A pandemia acentuou as desigualdades estruturais existentes na nossa sociedade e, como em outras crises, afetou os grupos vulneráveis de forma mais crítica.
No estudo feito em parceria entre TETO e FGV, divulgado em novembro de 2021, um novo dado se destaca: soluções emergenciais como a construção de uma moradia de emergência impacta na sensação de bem-estar das famílias que hoje vivem em situação de extrema vulnerabilidade.
A pesquisa aponta que a pandemia impactou diretamente na saúde e no bolso das pessoas, além de afetar a autoestima, perspectivas de futuro e moral das comunidades. Com o isolamento, a falta de emprego e o número maior de casos e mortes nas periferias por causa da Covid-19, as famílias que vivem em favelas precárias sofreram perdas físicas e emocionais graves e, portanto, sentimentos como o de solidão, medo, angústia e tristeza foram agravados pela ausência de uma moradia adequada.

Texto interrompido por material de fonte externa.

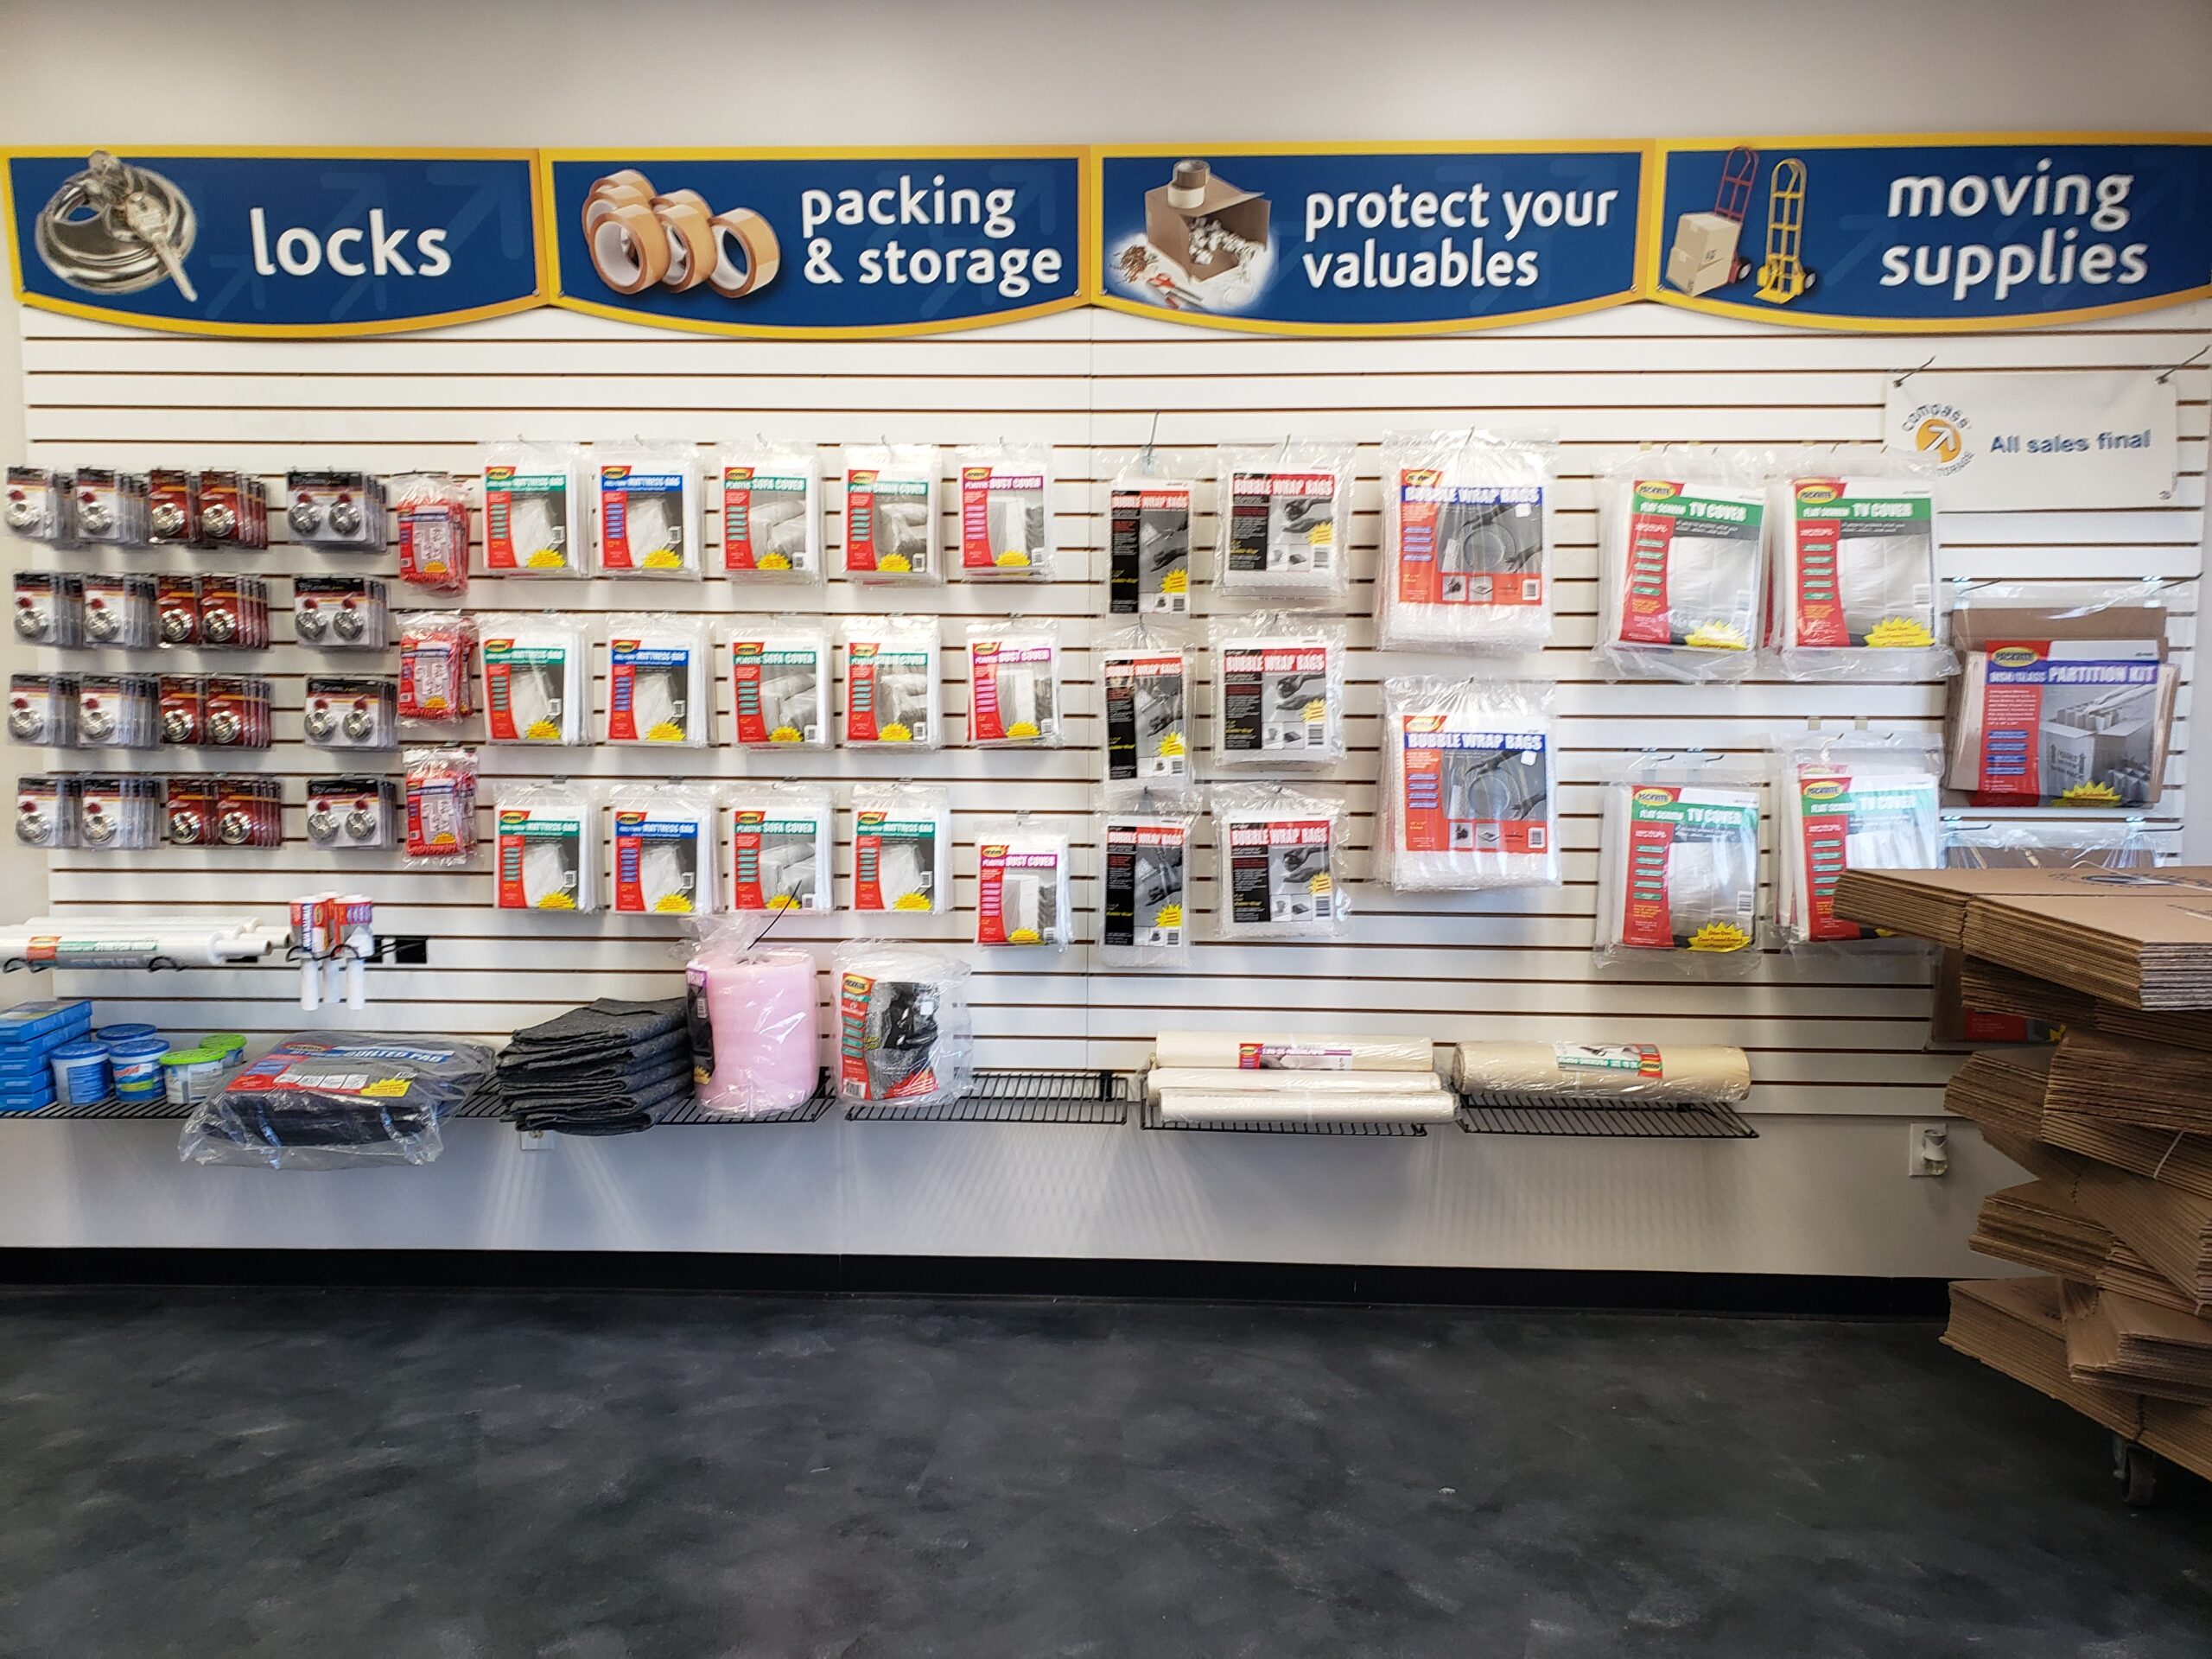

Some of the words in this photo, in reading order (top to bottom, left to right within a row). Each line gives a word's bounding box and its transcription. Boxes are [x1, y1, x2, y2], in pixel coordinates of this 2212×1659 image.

[802, 175, 1015, 240] packing
[1888, 158, 2133, 232] moving
[1306, 183, 1490, 242] protect
[1502, 190, 1618, 243] your
[251, 208, 450, 276] locks
[804, 238, 843, 284] &
[859, 232, 1062, 298] storage
[1302, 237, 1538, 289] valuables
[1879, 227, 2146, 302] supplies
[1902, 403, 1971, 432] compass
[1991, 435, 2019, 453] All
[2026, 434, 2090, 454] sales
[2096, 429, 2152, 450] final
[1936, 451, 1975, 477] TORAGE
[1688, 502, 1707, 516] TV
[1707, 505, 1747, 522] COVER
[1853, 503, 1871, 517] TV
[1871, 503, 1913, 517] COVER
[1226, 656, 1263, 671] BUBBLE
[1264, 655, 1296, 671] WRAP
[1296, 653, 1325, 671] BAGS
[2049, 664, 2127, 683] PARTITION
[2128, 665, 2157, 682] KIT
[1408, 733, 1462, 748] BUBBLE
[1462, 734, 1504, 749] WRAP
[1504, 734, 1542, 750] BAGS
[1687, 808, 1705, 821] TV
[1705, 809, 1743, 824] COVER
[1231, 830, 1269, 845] BUBBLE
[1269, 828, 1300, 844] WRAP
[1300, 826, 1327, 843] BAGS
[344, 1049, 406, 1058] QUILTED
[408, 1052, 445, 1064] PAD
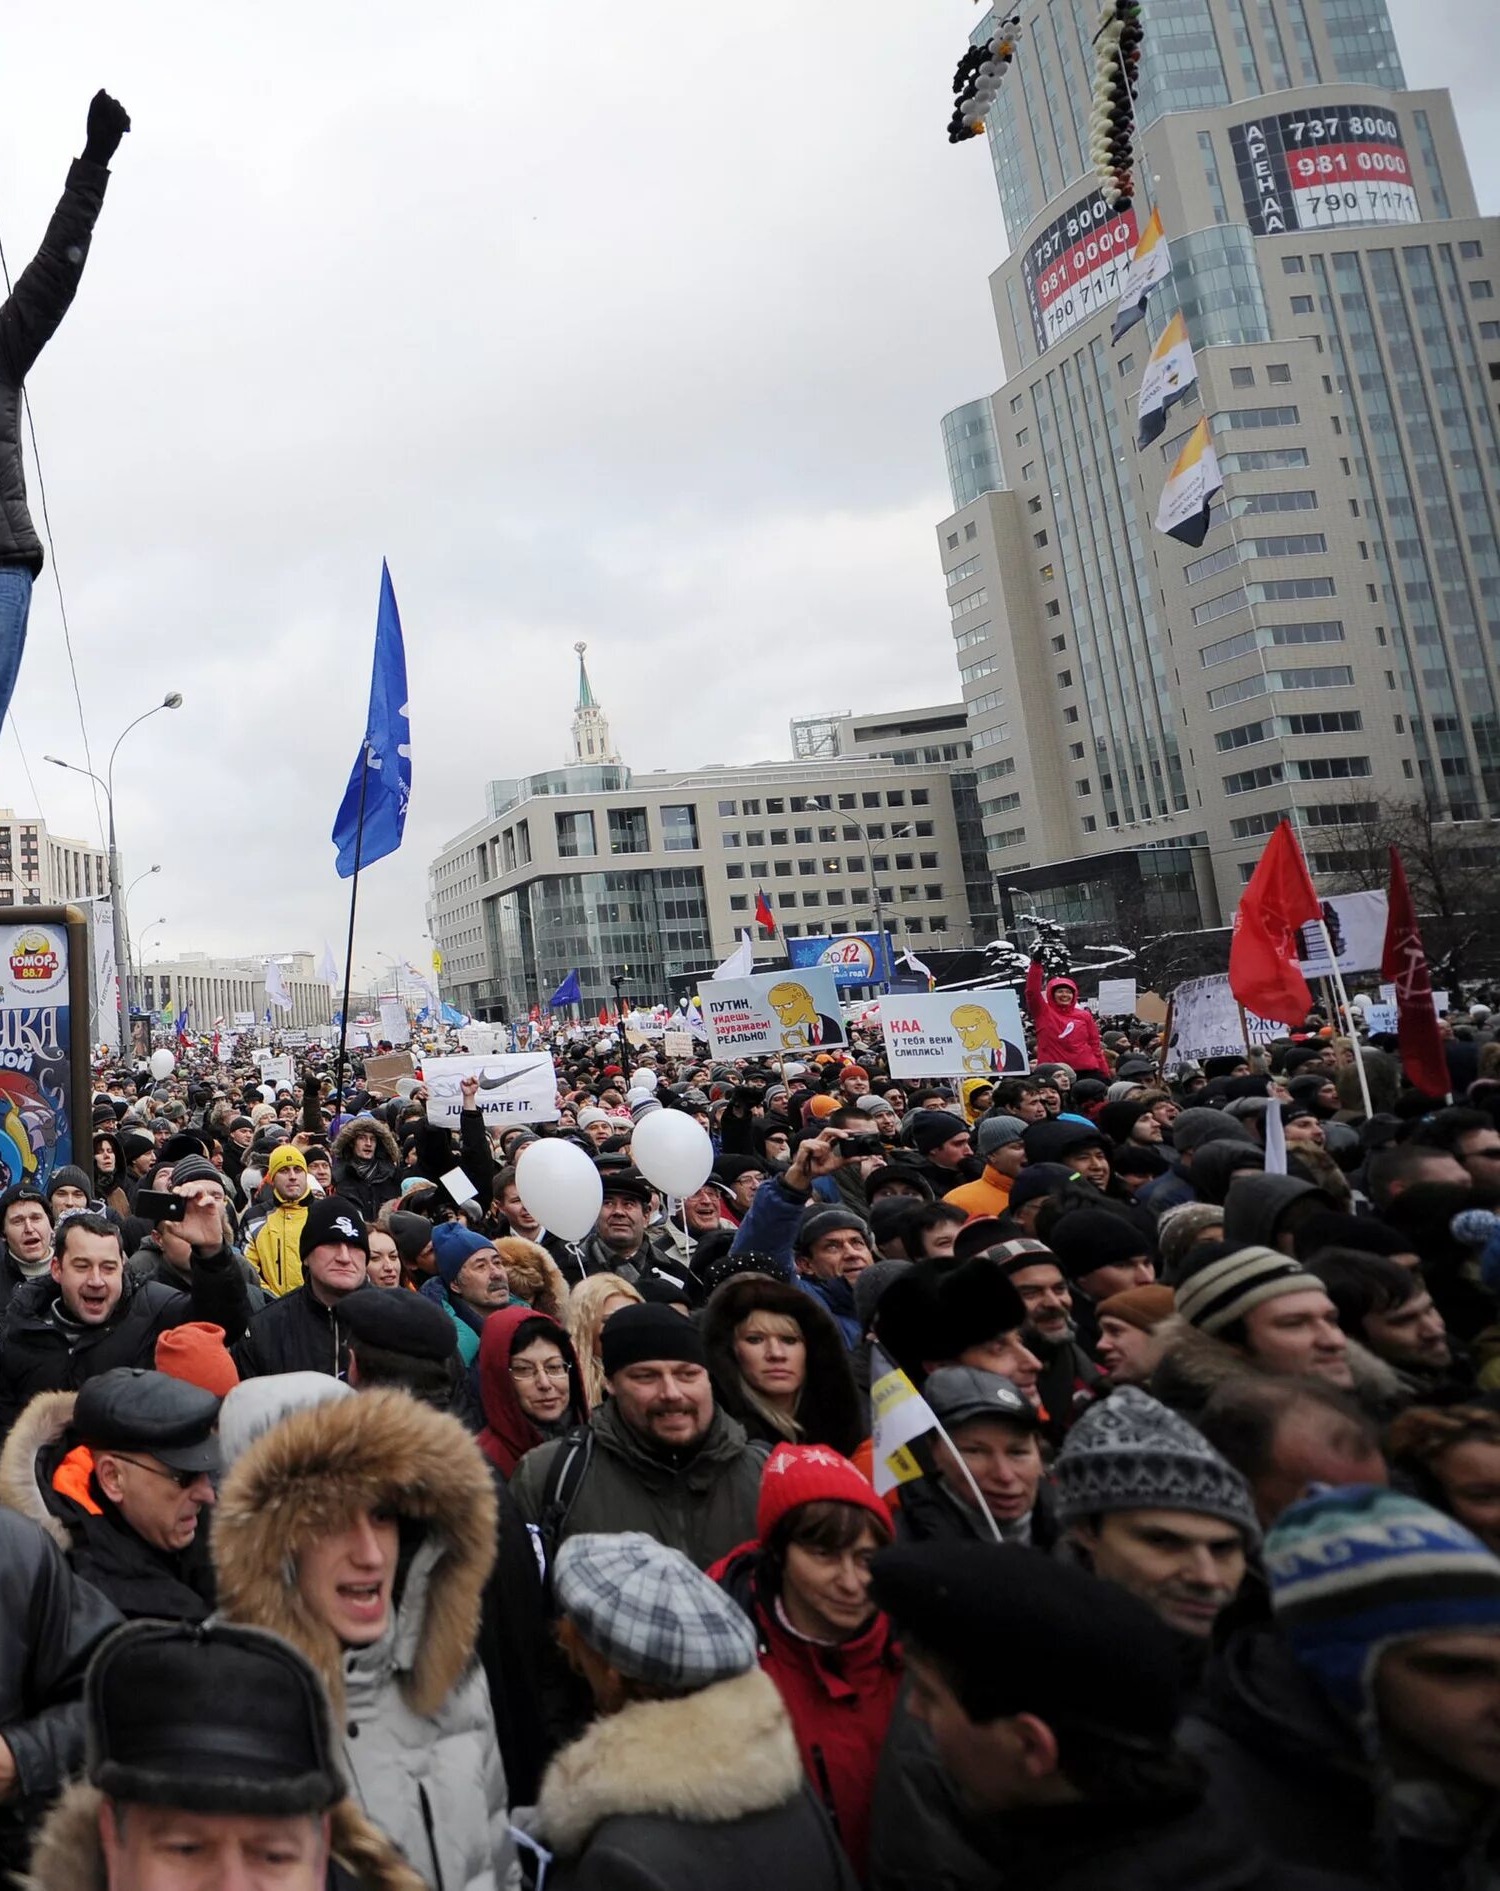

No entanto, entre as famílias beneficiárias das moradias de emergência, os resultados são claros: as que fizeram parte do programa da TETO identificam uma melhora no sentimento de solidão e uma diminuição nos níveis de preocupação. Mesmo nos casos em que houve deterioração emocional, ela foi menos impactante entre os grupos que haviam recebido as moradias de emergência, e notou-se uma significativa diminuição na necessidade de uso de medicamentos para depressão ou ansiedade, bem como diminuição no nível de estresse diário.
A moradia como a solução para a Saúde Pública
Essa pesquisa corrobora a tendência internacional de que a moradia deve ser vista como a base das políticas de saúde pública para as nossas cidades.
Temos o exemplo do Boston Medical Center, nos EUA, que se comprometeu a investir USD 6,5 milhões em habitação social como solução de saúde pública para a comunidade de Boston. A iniciativa vai apoiar diversas organizações da sociedade civil na construção de moradias para populações de baixa renda.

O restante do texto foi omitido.